* Listed records *
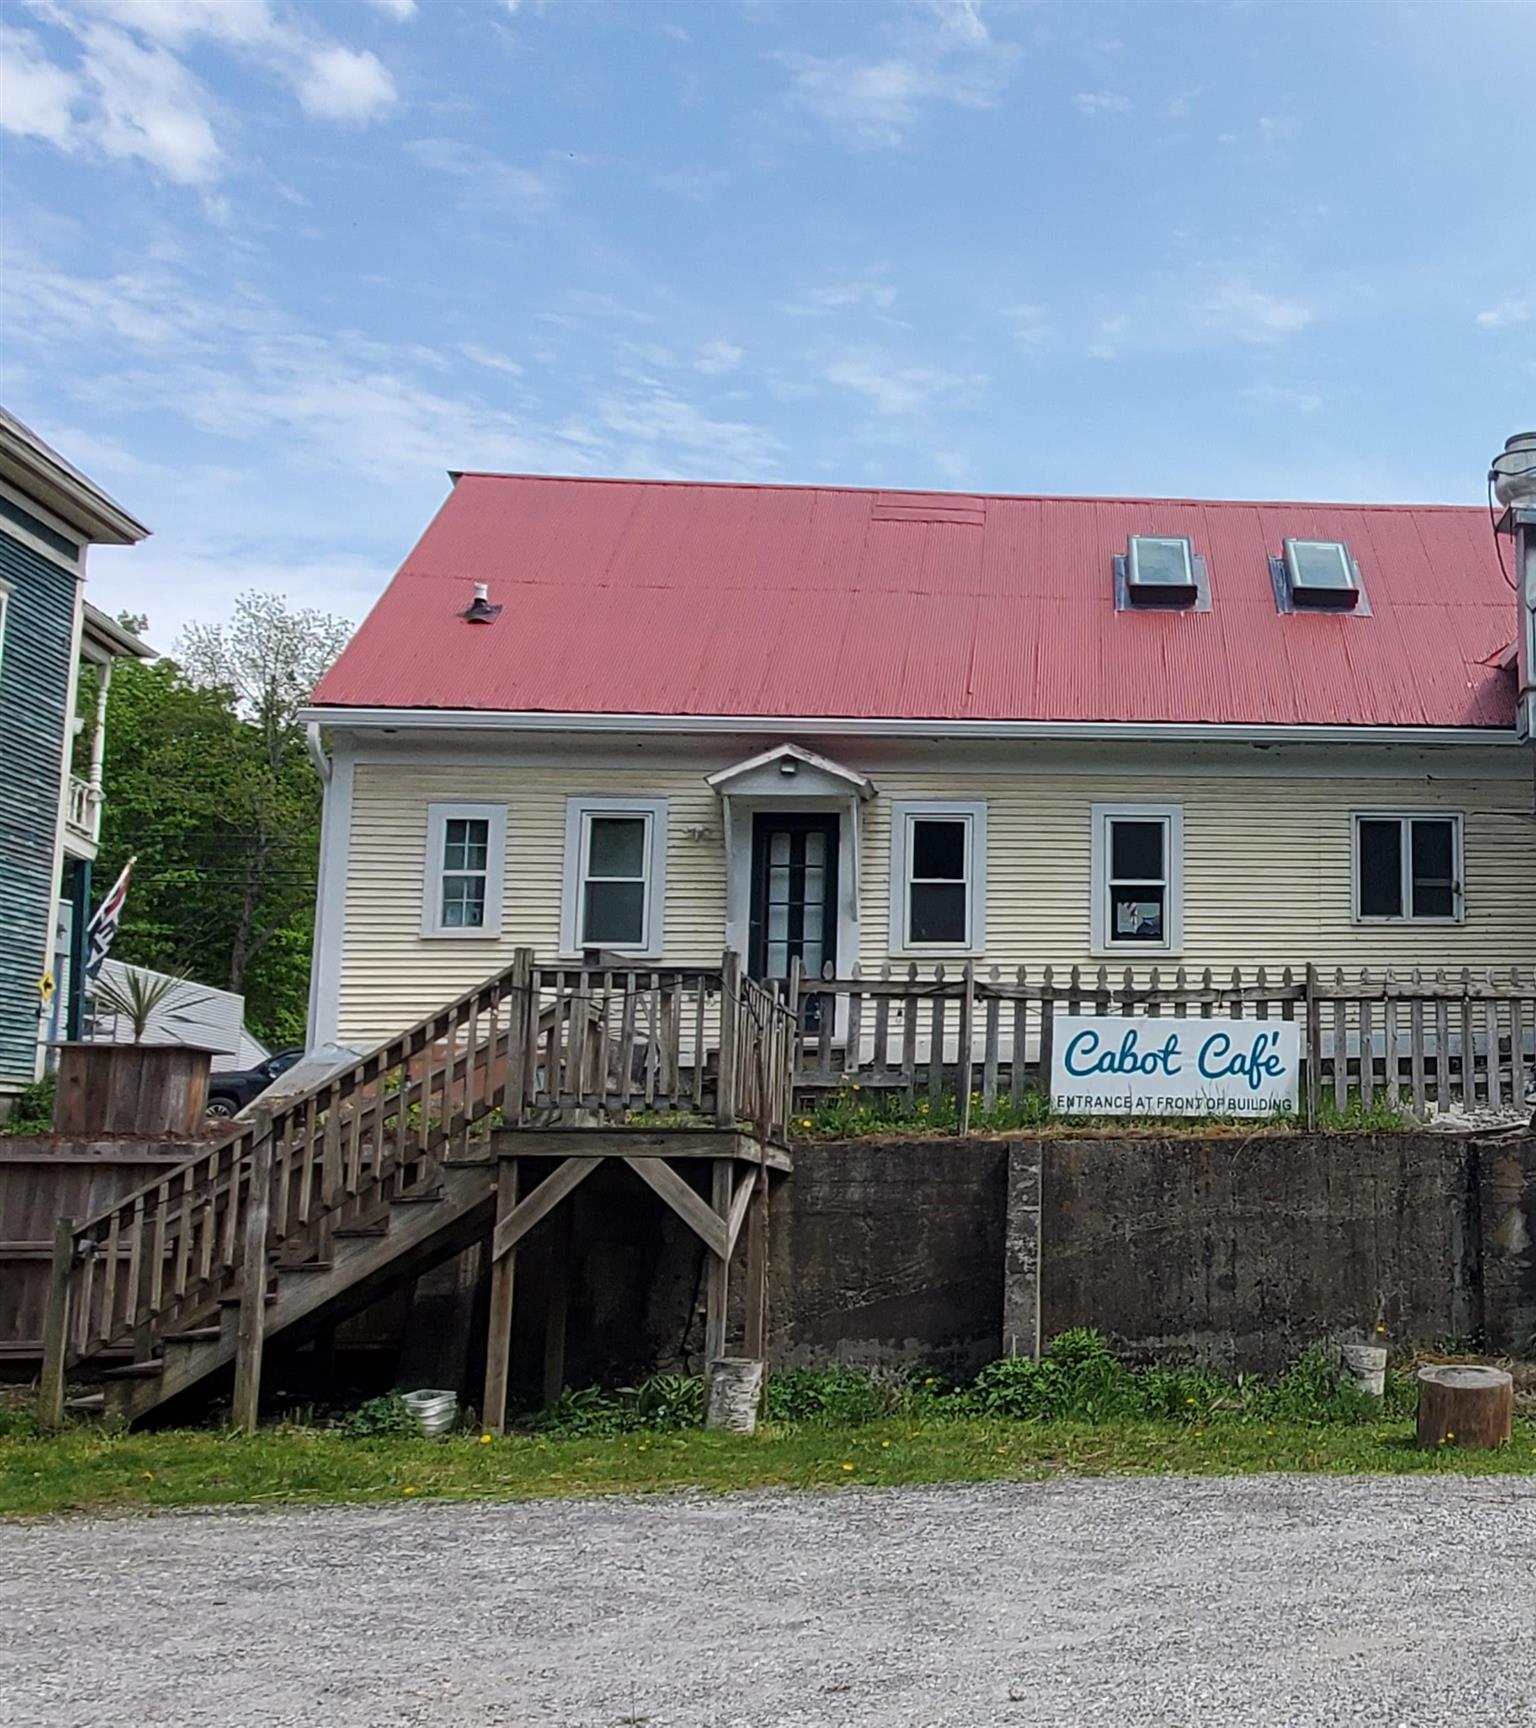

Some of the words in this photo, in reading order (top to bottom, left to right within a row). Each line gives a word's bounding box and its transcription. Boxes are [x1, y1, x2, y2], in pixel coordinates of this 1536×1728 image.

[1064, 1028, 1183, 1077] Cabot
[1197, 1030, 1286, 1090] Café
[1057, 1095, 1132, 1109] ENTRANCE
[1136, 1096, 1154, 1110] AT
[1157, 1096, 1203, 1110] FRONT
[1227, 1098, 1292, 1111] BUILDING
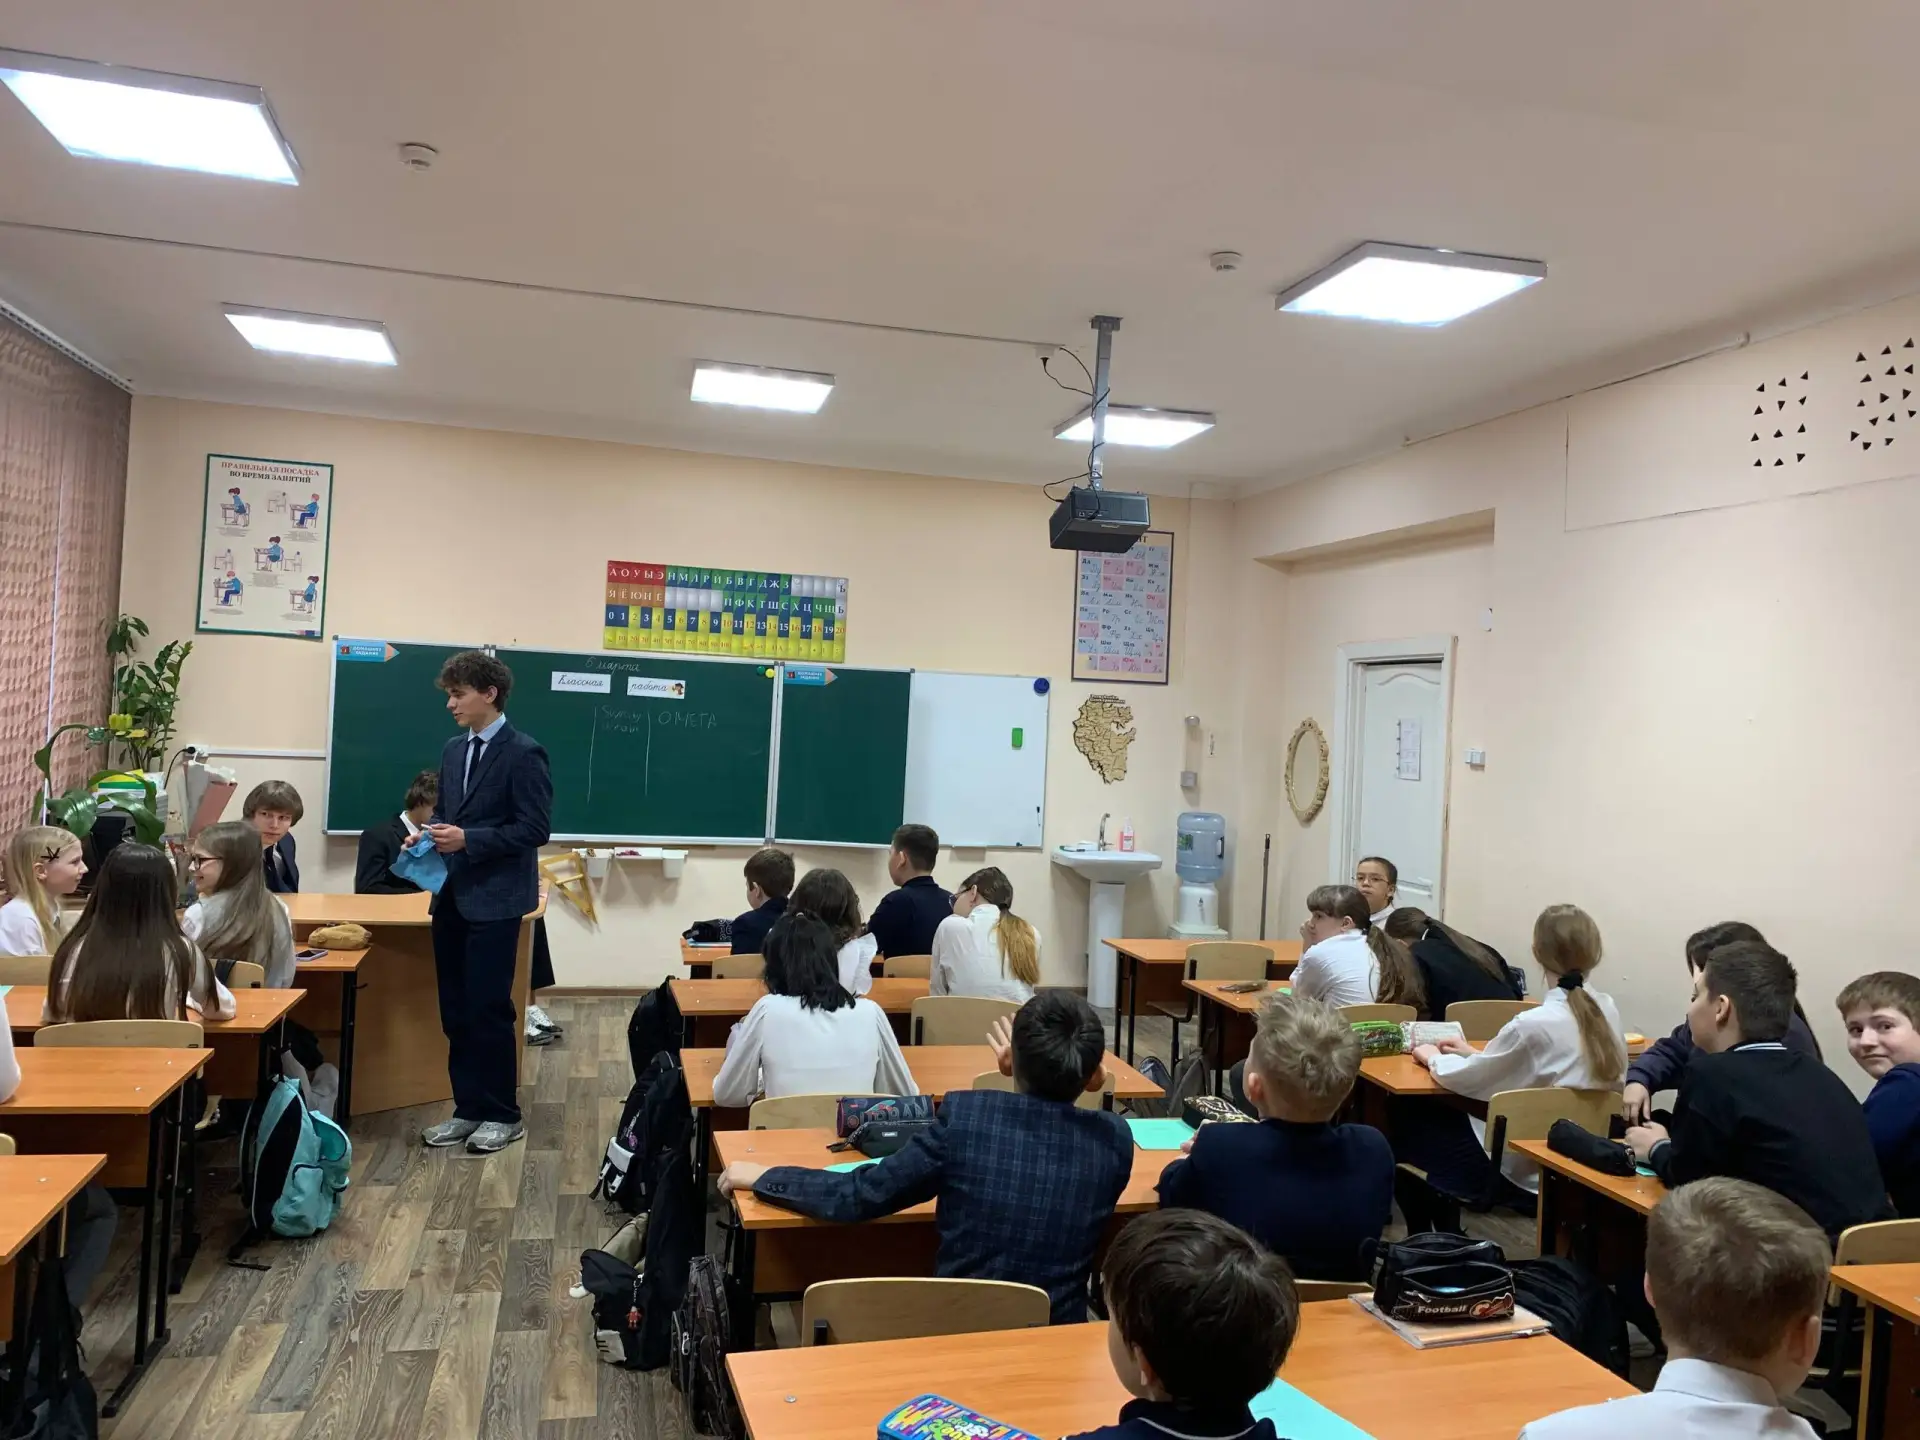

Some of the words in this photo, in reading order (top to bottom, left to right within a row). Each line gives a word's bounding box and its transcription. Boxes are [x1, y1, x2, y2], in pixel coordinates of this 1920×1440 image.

[221, 462, 279, 472] ПРАВИЛЬНАЯ
[281, 467, 320, 476] ПОСАДКА
[242, 472, 270, 480] ВРЕМЯ
[271, 475, 311, 483] ЗАНЯТИЙ
[759, 580, 767, 588] Д
[770, 580, 780, 588] Ж
[622, 589, 627, 598] Ё
[804, 604, 811, 612] Ц
[558, 674, 604, 686] Классная
[629, 680, 668, 693] работа
[658, 710, 717, 729] ОМЕГА
[1418, 1304, 1468, 1314] Football
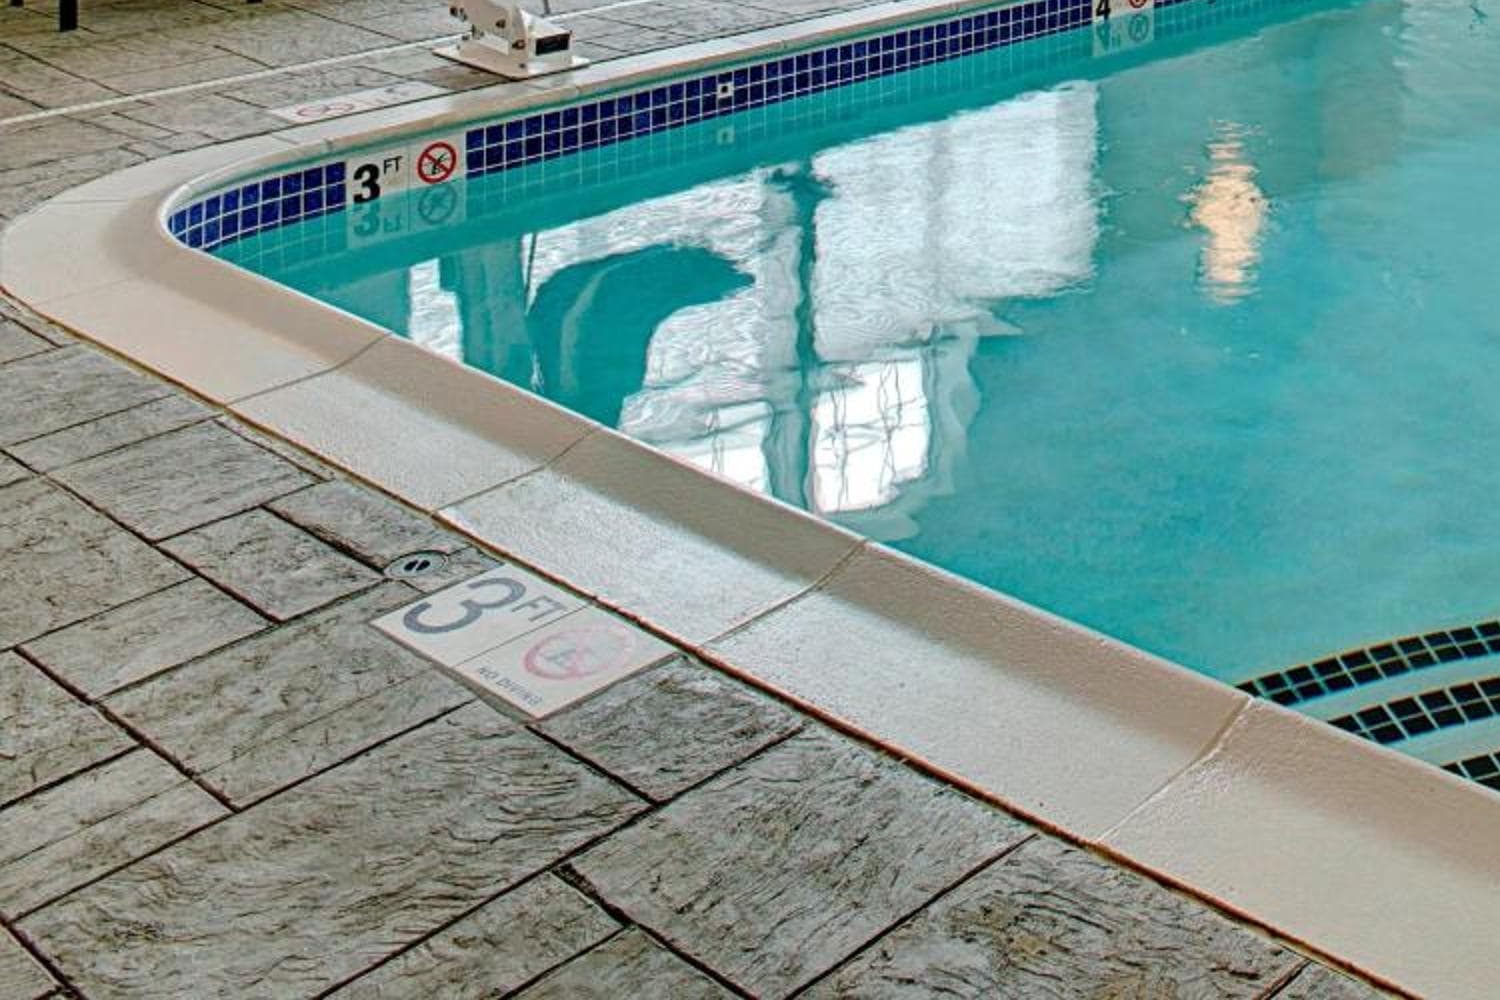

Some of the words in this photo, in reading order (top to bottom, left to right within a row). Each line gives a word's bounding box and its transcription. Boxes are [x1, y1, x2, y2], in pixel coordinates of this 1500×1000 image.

[353, 163, 381, 204] 3
[383, 155, 403, 175] FT
[403, 577, 527, 634] 3
[511, 595, 567, 622] FT

* Work item *
Apart from the pictures, every line above must be repeated exactly.

* Solution *
Some of the words in this photo, in reading order (top to bottom, left to right within a row). Each line gives a word's bounding box and its transcription. Boxes are [x1, y1, x2, y2], in pixel coordinates of this 1536×1728 image.

[1064, 1028, 1183, 1077] Cabot
[1197, 1030, 1286, 1090] Café
[1057, 1095, 1132, 1109] ENTRANCE
[1136, 1096, 1154, 1110] AT
[1157, 1096, 1203, 1110] FRONT
[1227, 1098, 1292, 1111] BUILDING

Some of the words in this photo, in reading order (top to bottom, left to right within a row). Each line gives a word's bounding box and its transcription. Boxes are [x1, y1, x2, y2], in pixel coordinates of this 1920×1440 image.

[221, 462, 279, 472] ПРАВИЛЬНАЯ
[281, 467, 320, 476] ПОСАДКА
[242, 472, 270, 480] ВРЕМЯ
[271, 475, 311, 483] ЗАНЯТИЙ
[759, 580, 767, 588] Д
[770, 580, 780, 588] Ж
[622, 589, 627, 598] Ё
[804, 604, 811, 612] Ц
[558, 674, 604, 686] Классная
[629, 680, 668, 693] работа
[658, 710, 717, 729] ОМЕГА
[1418, 1304, 1468, 1314] Football

Some of the words in this photo, in reading order (top to bottom, left to right within a row). Each line gives a word's bounding box and its transcription. Boxes are [x1, y1, x2, y2], in pixel coordinates of this 1500×1000 image.

[353, 163, 381, 204] 3
[383, 155, 403, 175] FT
[403, 577, 527, 634] 3
[511, 595, 567, 622] FT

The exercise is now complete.